The title says it all. How do you write a character who travels from point a to point b in a part that isn’t very important to the main story? Whether it’s 10 miles or 100 miles. Did you just do a massive time jump? Or do you fill the short or long trip with important things that happened? The title says it all. How do you write a character who travels from point a to point b in a part that isn’t very important to the main story? Whether it’s 10 miles or 100 miles. Did you just do a massive time jump? Or do you fill the short or long trip with important things that happened?
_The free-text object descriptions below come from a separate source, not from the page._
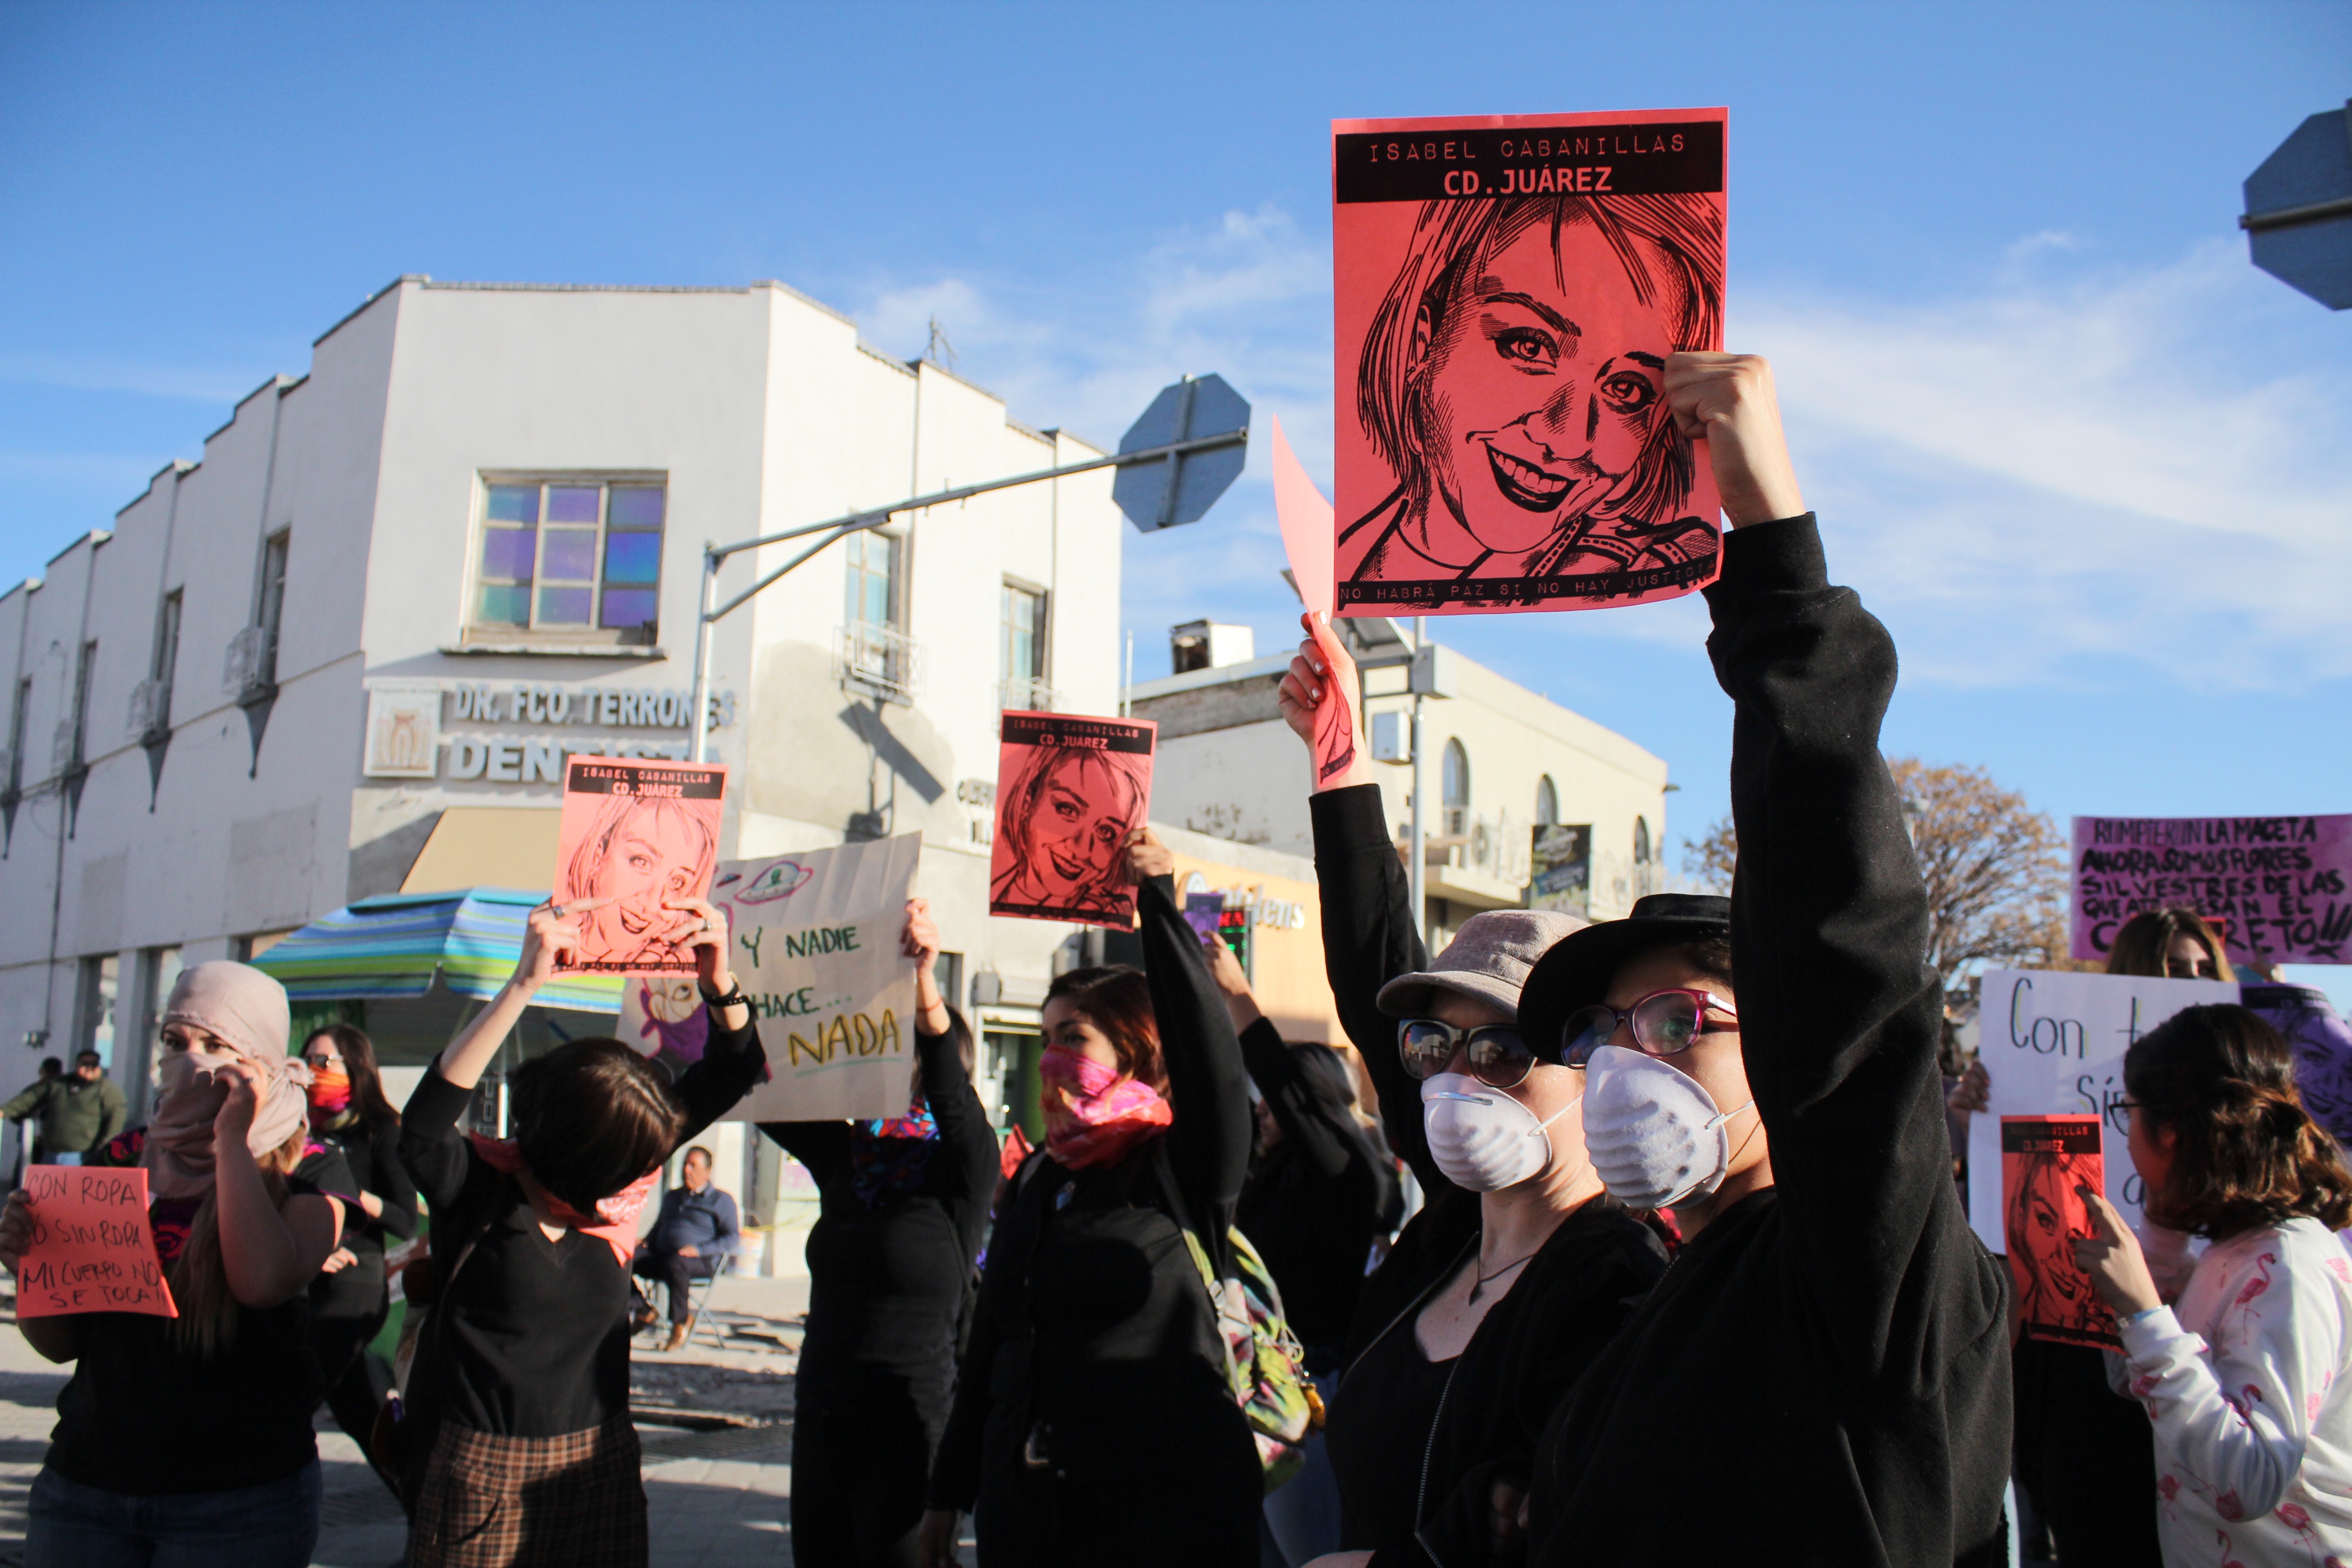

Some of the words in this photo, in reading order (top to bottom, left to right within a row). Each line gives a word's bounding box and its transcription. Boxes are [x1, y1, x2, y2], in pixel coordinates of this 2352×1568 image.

[1370, 142, 1476, 162] ISABEL
[1501, 134, 1686, 157] CABANILLAS
[1341, 588, 1361, 600] NO
[1377, 582, 1436, 599] HABRÁ
[1451, 585, 1484, 597] PAZ
[1500, 584, 1521, 596] SI
[1538, 583, 1559, 594] NO
[1576, 579, 1611, 592] HAY
[1627, 561, 1715, 589] JUSTICIA
[583, 768, 629, 780] ISABEL
[638, 771, 711, 784] CABANILLAS
[2206, 820, 2230, 844] LA
[2081, 876, 2257, 898] SILVESTRES
[2263, 875, 2291, 895] DE
[2299, 869, 2346, 896] LAS
[2082, 897, 2121, 920] QUE
[2278, 896, 2313, 916] EL
[740, 926, 764, 968] Y
[785, 926, 862, 959] NADIE
[2010, 977, 2085, 1059] Con
[788, 1008, 902, 1067] NADA
[27, 1172, 68, 1206] CON
[82, 1176, 137, 1205] ROPA
[55, 1219, 96, 1245] SIN
[99, 1220, 143, 1250] ROPA
[24, 1262, 55, 1293] MI
[62, 1260, 122, 1286] CUERPO
[133, 1259, 160, 1287] NO
[49, 1290, 88, 1308] SE
If you deprivation to revel the Nifty History: Making money in the ministration of your own place work online, then this is for YOU!: Click Here

What makes people buy into the random and chaotic in a story?

They say truth is stranger than fiction, and that ‘no one would buy’ certain real-world events if you put them in a work of fiction. I find really great writers, be it books or screenplays, are able to tell unconventional stories where wild events sometimes happen, and are able to keep the audience buying into it. For example: The Coen brothers, in their movies, might have a character randomly hit by a car, or drop dead of a heart attack out of nowhere, and you never not believe that it did indeed happen.

Why? What is it that makes the reader, or viewer, accept crazy circumstances? Why do we go “OMG, I can’t believe that happened, that’s so crazy and exciting!” vs. “Ugh, really? C’mon, what are the odds of that? Not buying it.”

They say truth is stranger than fiction, and that ‘no one would buy’ certain real-world events if you put them in a work of fiction. I find really great writers, be it books or screenplays, are able to tell unconventional stories where wild events sometimes happen, and are able to keep the audience buying into it. For example: The Coen brothers, in their movies, might have a character randomly hit by a car, or drop dead of a heart attack out of nowhere, and you never not believe that it did indeed happen.

Why? What is it that makes the reader, or viewer, accept crazy circumstances? Why do we go “OMG, I can’t believe that happened, that’s so crazy and exciting!” vs. “Ugh, really? C’mon, what are the odds of that? Not buying it.”